Task brief —
Word for word, print each record, dropping any image it holds.

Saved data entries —
*** Begin section ***

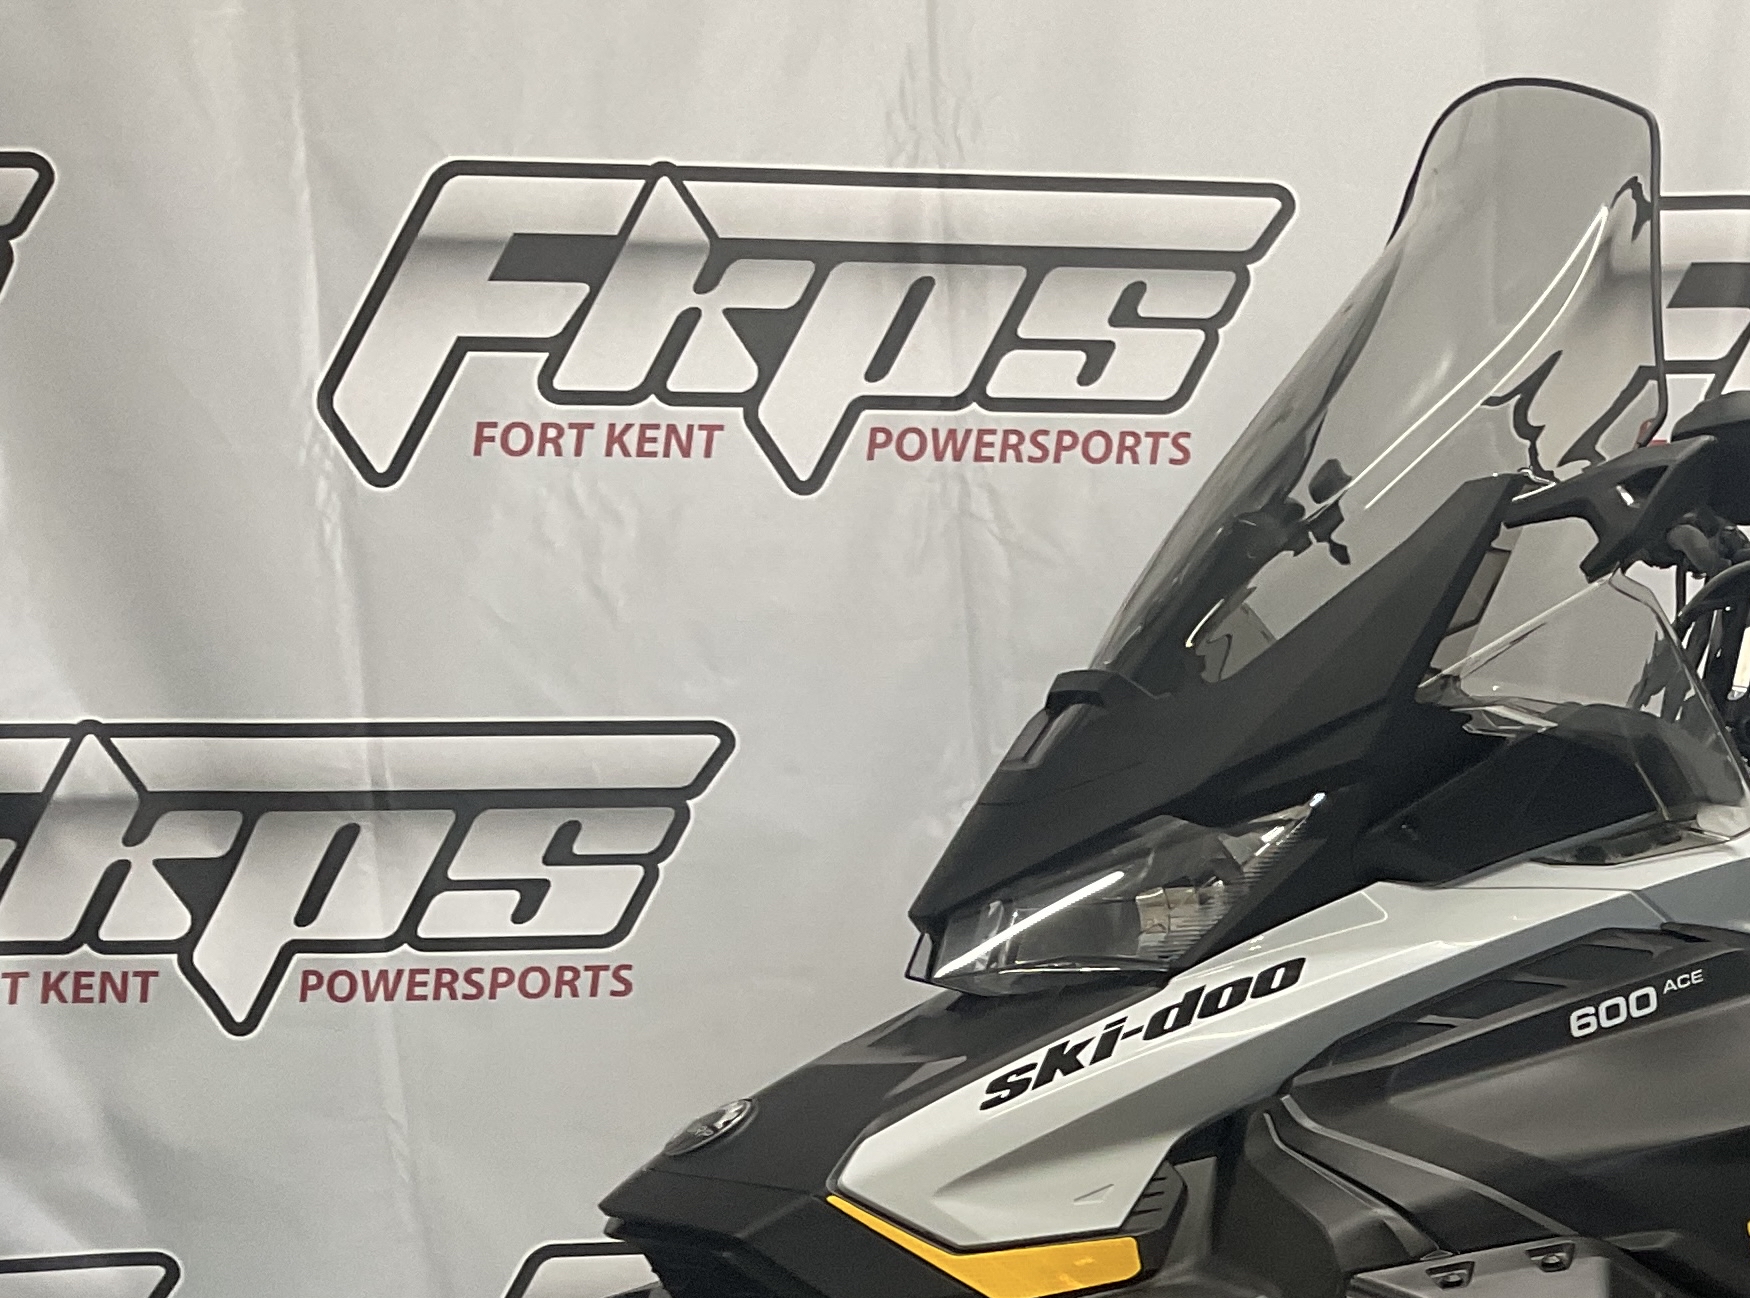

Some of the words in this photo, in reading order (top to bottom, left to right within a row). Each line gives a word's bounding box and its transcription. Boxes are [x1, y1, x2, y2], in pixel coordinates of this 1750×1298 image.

[472, 421, 595, 458] FORT
[604, 422, 726, 459] KENT
[865, 426, 1192, 466] POWERSPORTS
[40, 970, 160, 1004] KENT
[298, 963, 635, 1004] POWERSPORTS
[1569, 985, 1658, 1038] 600
[1662, 968, 1704, 995] ACE

*** End section ***

Problem solution —
Some of the words in this photo, in reading order (top to bottom, left to right within a row). Each line gives a word's bounding box and its transcription. Boxes are [x1, y1, x2, y2], in pixel coordinates of this 1750×1298 image.

[472, 421, 595, 458] FORT
[604, 422, 726, 459] KENT
[865, 426, 1192, 466] POWERSPORTS
[40, 970, 160, 1004] KENT
[298, 963, 635, 1004] POWERSPORTS
[1569, 985, 1658, 1038] 600
[1662, 968, 1704, 995] ACE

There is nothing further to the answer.